Train_dst = MyDataset(path=path, train=True)
Test_dst = MyDataset(path=path, train=False)

TrainLoader = torch.utils.data.DataLoader(dataset=Train_dst, batch_size=50, shuffle=True )
TestLoader = torch.utils.data.DataLoader(dataset=Test_dst, batch_size=50, shuffle=True )

ptrblck · November 21, 2018, 1:39pm

I’m not sure I understand your use case properly.
If each file should be a sample, you could only use a batch size of 10, as you only have 10 files.
Did my code sample work for you?

keyu_Chen · September 26, 2019, 7:01pm

I have a Image.mat file with 2656 image samples.
It has 4 key elements, “img” key contains the data with size(2656, 4097), the last column is the class label.
How can I build a dataset based on this .mat file?

ptrblck · September 26, 2019, 7:27pm

I assume the data fits completely into memory?
If so, you could load the .mat file using scipy in your Dataset's __init__ method, get a single sample in __getitem__ by indexing and returning the tensor via torch.from_numpy.

saba · November 11, 2020, 11:55pm

Hi Ptrblck,

I wrote my custom data loader based on your guidance. The code is correct and work. The problem is that by changing the BatchSize, It does not work properly, every time it gives me data in 64 Batchsize regardless of the Batchsize number. Would you please help me with that?

workers=2
Batchsize=128

datarootNorm='//homeHealthytorchpatch_v1/'

datasetNorm=DatasetLoad(datarootNorm,transforms=transform,debug=False,ii=1)

dataloaderNormal = torch.utils.data.DataLoader(datasetNorm, batch_size=Batchsize,shuffle=True, num_workers=workers)


class DatasetLoad():

    def __init__(self, root_dirTrain,transforms, debug,ii):
        self.patches, self.labels = None, None
        self.ii=ii
        patch_path = os.path.join(root_dirTrain,'Healthyzone'+str(self.ii)+".csv")
        ## 15000x1x64x64
        self.patches=torch.load(patch_path) 
        # self.patches = scipy.io.loadmat(patch_path)['ImagesNormal']
        # patch_path = os.path.join(root_dirTrain,"NegTraining11_v1"+".mat")
        # self.patches = scipy.io.loadmat(patch_path)['NegTraining11_v1']
        self.transforms = transforms
        self.debug = debug

    def __getitem__(self, index):

        patchF = self.patches[index,:, : ,:]

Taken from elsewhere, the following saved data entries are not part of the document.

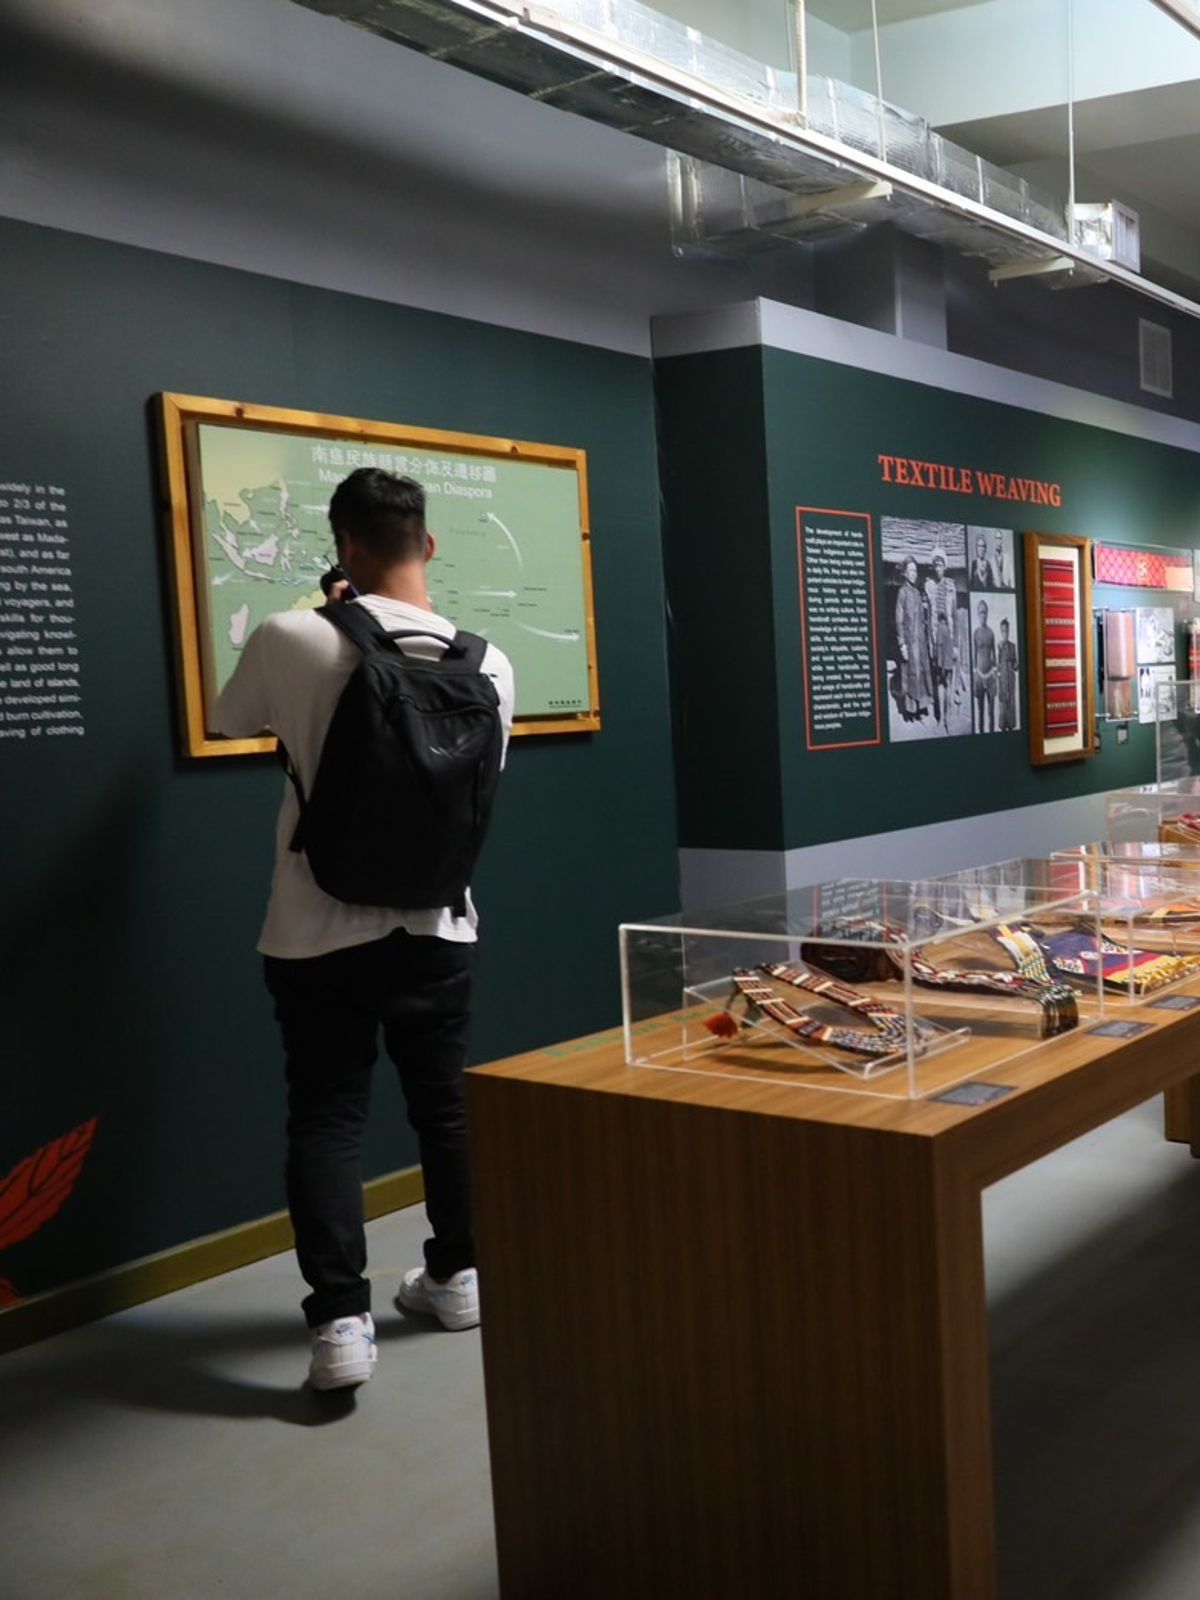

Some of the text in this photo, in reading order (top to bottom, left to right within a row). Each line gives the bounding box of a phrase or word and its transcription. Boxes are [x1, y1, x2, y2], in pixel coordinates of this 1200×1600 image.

[877, 454, 1062, 507] TEXTILE WEAVING
[48, 486, 65, 496] the
[443, 481, 493, 500] Diaspora
[34, 500, 46, 511] of
[49, 502, 67, 512] the
[14, 514, 53, 527] Taiwan,
[19, 549, 39, 559] and
[31, 564, 72, 576] America
[13, 580, 28, 592] by
[30, 581, 48, 591] the
[54, 598, 74, 608] and
[29, 613, 45, 623] for
[0, 630, 40, 642] vigating
[7, 646, 78, 656] allow them to
[14, 664, 27, 672] as
[29, 662, 55, 673] good
[57, 662, 80, 673] long
[34, 677, 45, 687] of
[4, 694, 57, 705] developed
[6, 712, 30, 721] burn
[0, 726, 85, 739] aving of clothing

        if self.transforms is not None:

            patchF = self.transforms(patchF)

        return patchF


    def __len__(self):
        return self.patches.shape[-1]

ptrblck · November 12, 2020, 5:54am

What shape does self.patches have? Is it [15000, 1, 64, 64]?
If so, I assume dim0==15000 are the number of samples?
If that’s also correct, I think you are returning the wrong __len__, as self.patches.shape[-1] would return 64 instead of 15000, so your max. batch size would be 64 and you would only load patches[:64].

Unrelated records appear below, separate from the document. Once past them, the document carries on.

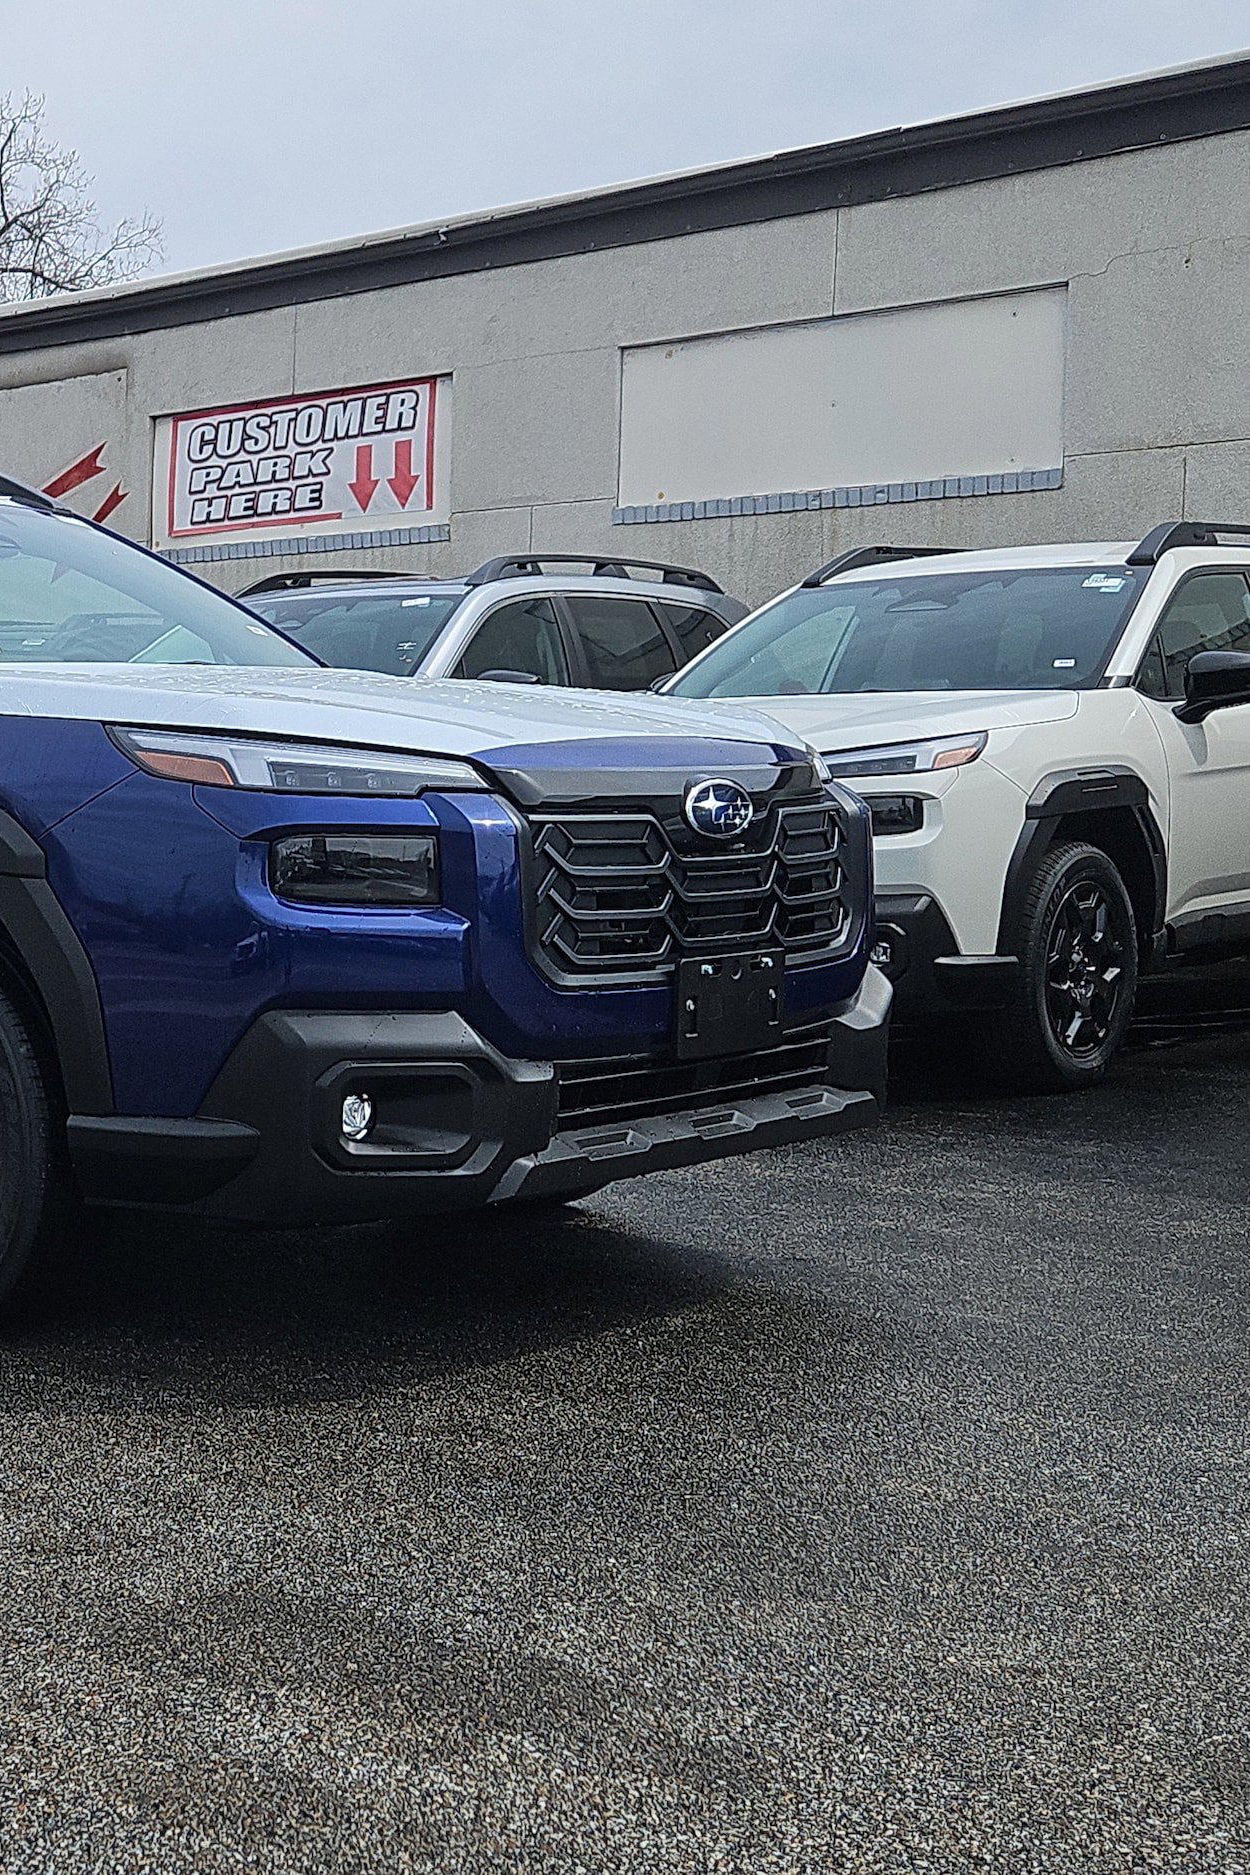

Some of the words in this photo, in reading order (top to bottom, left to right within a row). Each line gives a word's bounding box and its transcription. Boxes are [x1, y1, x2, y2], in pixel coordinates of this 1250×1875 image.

[188, 390, 419, 463] CUSTOMER
[189, 447, 334, 495] PARK
[190, 482, 324, 525] HERE
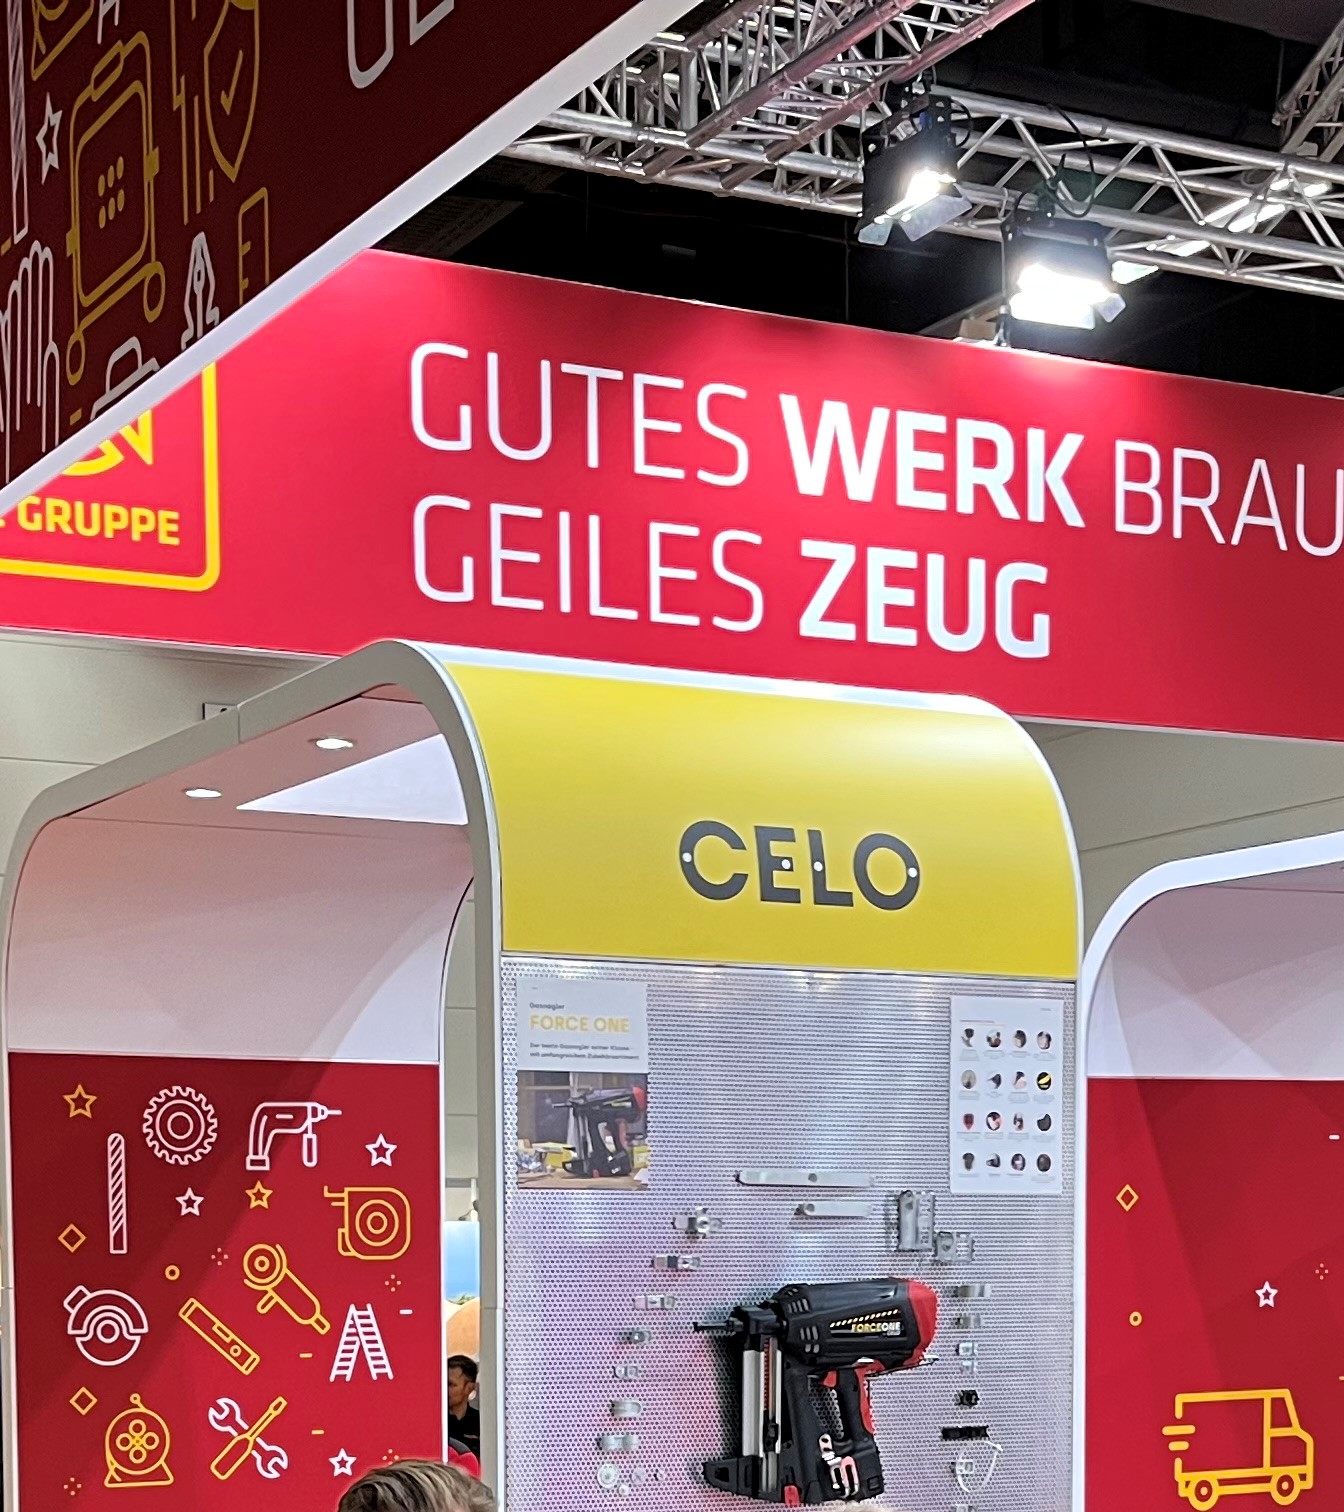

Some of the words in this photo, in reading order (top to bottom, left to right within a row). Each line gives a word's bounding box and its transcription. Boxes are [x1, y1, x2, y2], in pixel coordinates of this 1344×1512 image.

[411, 342, 750, 488] GUTES
[779, 392, 1087, 529] WERK
[17, 495, 181, 546] GRUPPE
[413, 495, 766, 633] GEILES
[799, 538, 1051, 660] ZEUG
[679, 820, 922, 912] CELO
[529, 1014, 589, 1032] FORCE
[593, 1017, 630, 1033] ONE

saba · November 12, 2020, 7:23am

Many thanks let me check

saba · November 15, 2020, 11:38pm

yes you are right I correct it. I really appreciate.

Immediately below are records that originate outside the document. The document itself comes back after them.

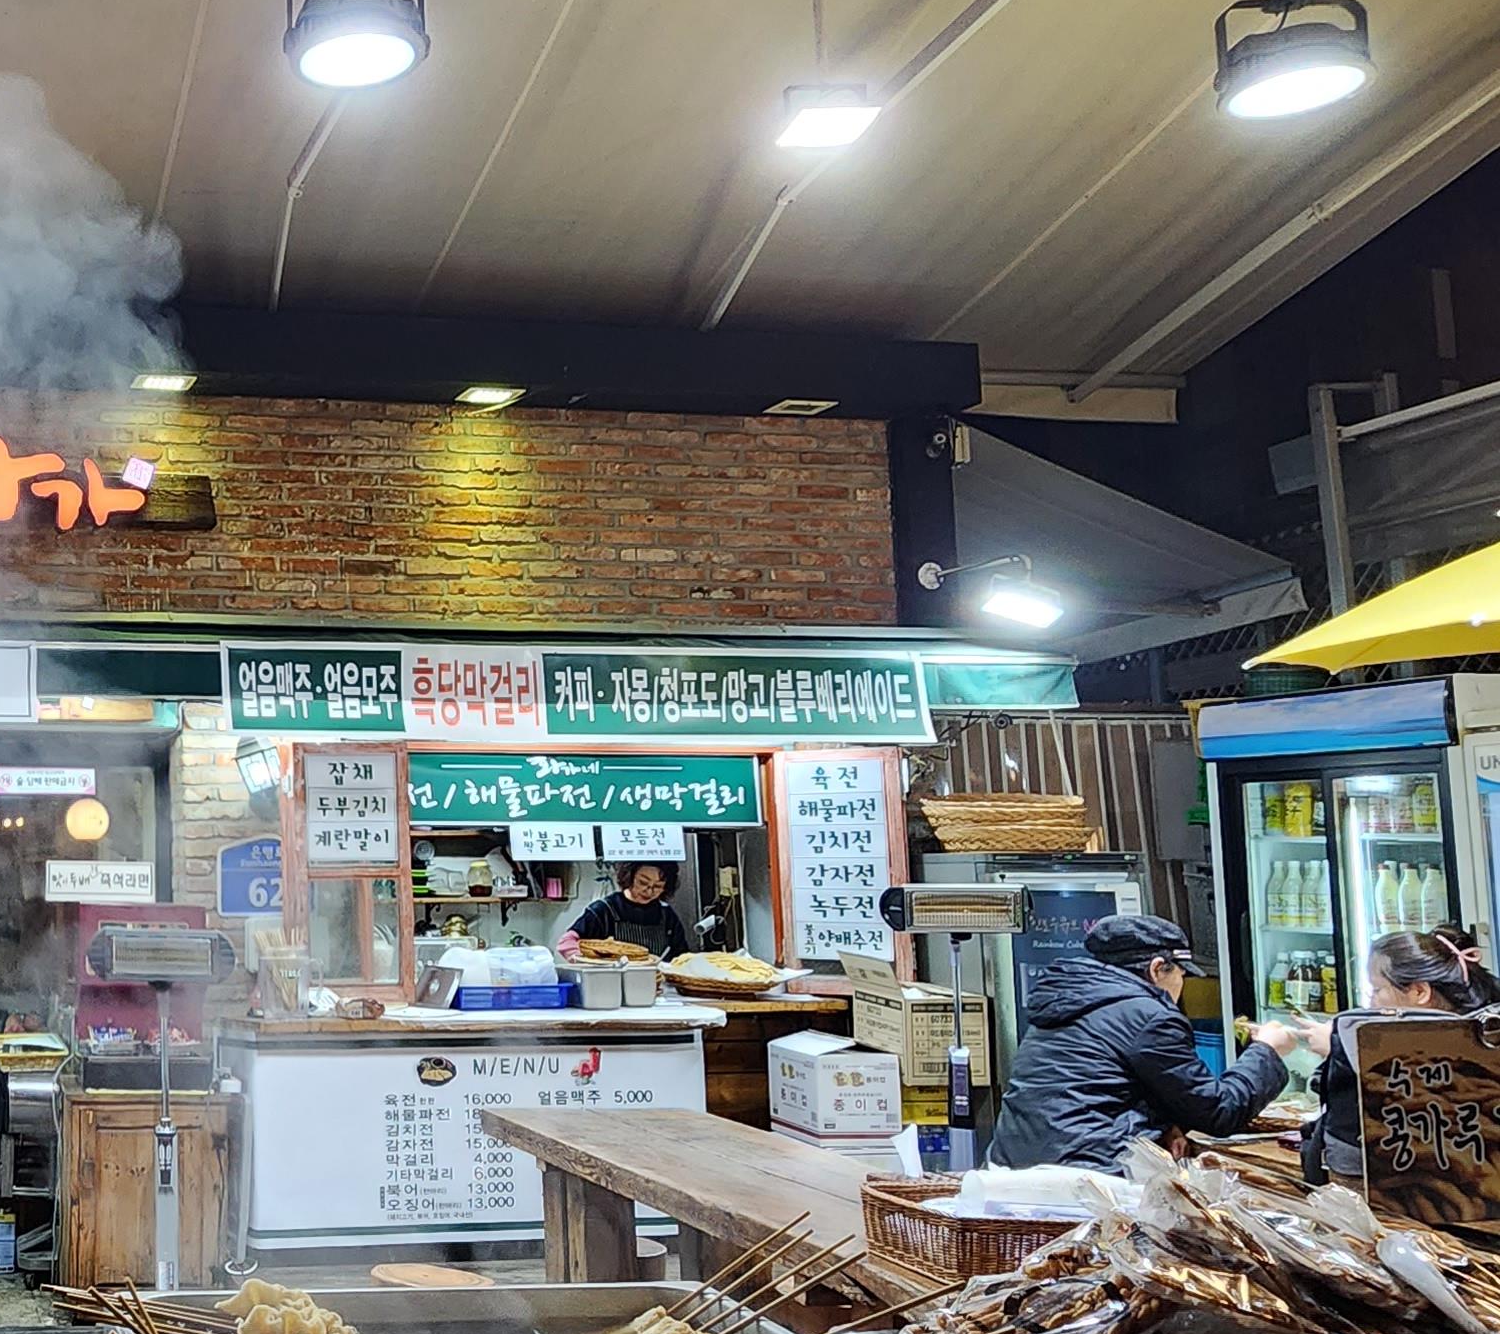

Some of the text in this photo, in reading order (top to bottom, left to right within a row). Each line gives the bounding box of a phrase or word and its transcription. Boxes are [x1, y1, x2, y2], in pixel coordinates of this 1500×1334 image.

[411, 656, 542, 727] 흑당막걸리
[327, 761, 374, 786] 잡채
[810, 766, 858, 790] 육전
[316, 796, 388, 817] 두부김치
[464, 777, 597, 818] 해물파전
[619, 779, 746, 817] 생막걸리
[798, 797, 877, 823] 해물파전
[314, 828, 390, 852] 계란말이
[535, 830, 584, 852] 불고기
[619, 827, 666, 846] 모듬전
[805, 830, 872, 853] 김치전
[805, 863, 875, 887] 감자전
[809, 894, 875, 918] 녹두전
[818, 930, 884, 951] 양배추전
[1387, 1057, 1452, 1098] 수제
[384, 1093, 417, 1107] 육전
[463, 1092, 512, 1106] 16,000
[538, 1089, 602, 1106] 얼음맥주
[614, 1089, 653, 1104] 5,000
[384, 1108, 451, 1122] 해물파전
[385, 1123, 434, 1137] 김치전
[385, 1138, 434, 1152] 감자전
[386, 1151, 513, 1166] 막걸리 4,000
[386, 1166, 514, 1182] 기타막걸리 6,000
[467, 1181, 515, 1195] 13,000
[386, 1198, 435, 1212] 오징어
[467, 1196, 515, 1210] 13,000

saba · March 29, 2021, 6:16am

Hi Ptrblck,

I am using spyder editor.
My code was working but now when I want to use data loader and get the data from that it gives me this error"
[SpyderKernelApp] WARNING | WARNING: attempted to send message from fork
{‘header’: {‘version’: ‘5.3’, ‘date’: datetime.datetime(2021, 3, 29, 6, 7, 4, 493062, tzinfo=datetime.timezone.utc), ‘session’: ‘5b99e49d-1c858153ee7c8a8ade190ea5’, ‘username’: ‘mom008’, ‘msg_type’: ‘comm_msg’, ‘msg_id’: ‘5b99e49d-1c858153ee7c8a8ade190ea5_84’}, ‘msg_id’: ‘5b99e49d-1c858153ee7c8a8ade190ea5_84’, ‘msg_type’: ‘comm_msg’, ‘parent_header’:"
The code is

for ii in range(1,7,1):
    
    datarootAbNorm= '//home/mom008//work/RoiClassification/radius_32_32/selectedROIs/zone_'+str(ii)+'/'
    
    datasetAbNorm=CustomDataSetZoneAbnormal(datarootAbNorm,transforms=transform,zone=ii)

    dataloaderAbnormal = torch.utils.data.DataLoader(datasetAbNorm, batch_size=1,shuffle=True, num_workers=workers)
    
    for i, data1 in enumerate(dataloaderAbnormal, 0):

ptrblck · March 29, 2021, 6:32am

Interactive interpreters (such as the one used in Spyder) don’t work well with multiprocessing, so you could use single workers while (live) developing in Spyder and add multiprocessing later (and execute the script from the terminal or as a standalone script in the IDE).

saba · March 29, 2021, 7:17am

I think the problem is for this part. I want to load the image which the name is in the defined list (not all). and with this command nothing for some times nothing is passed.

class CustomDataSetZoneAbnormal_HMScan():
    def __init__(self, main_dir, dirusedList,transforms,zone):
        self.main_dir = main_dir
        self.zone=zone
        self.transforms = transforms
        self.dirusedList=np.load(dirusedList)

        all_imgs = os.listdir(main_dir)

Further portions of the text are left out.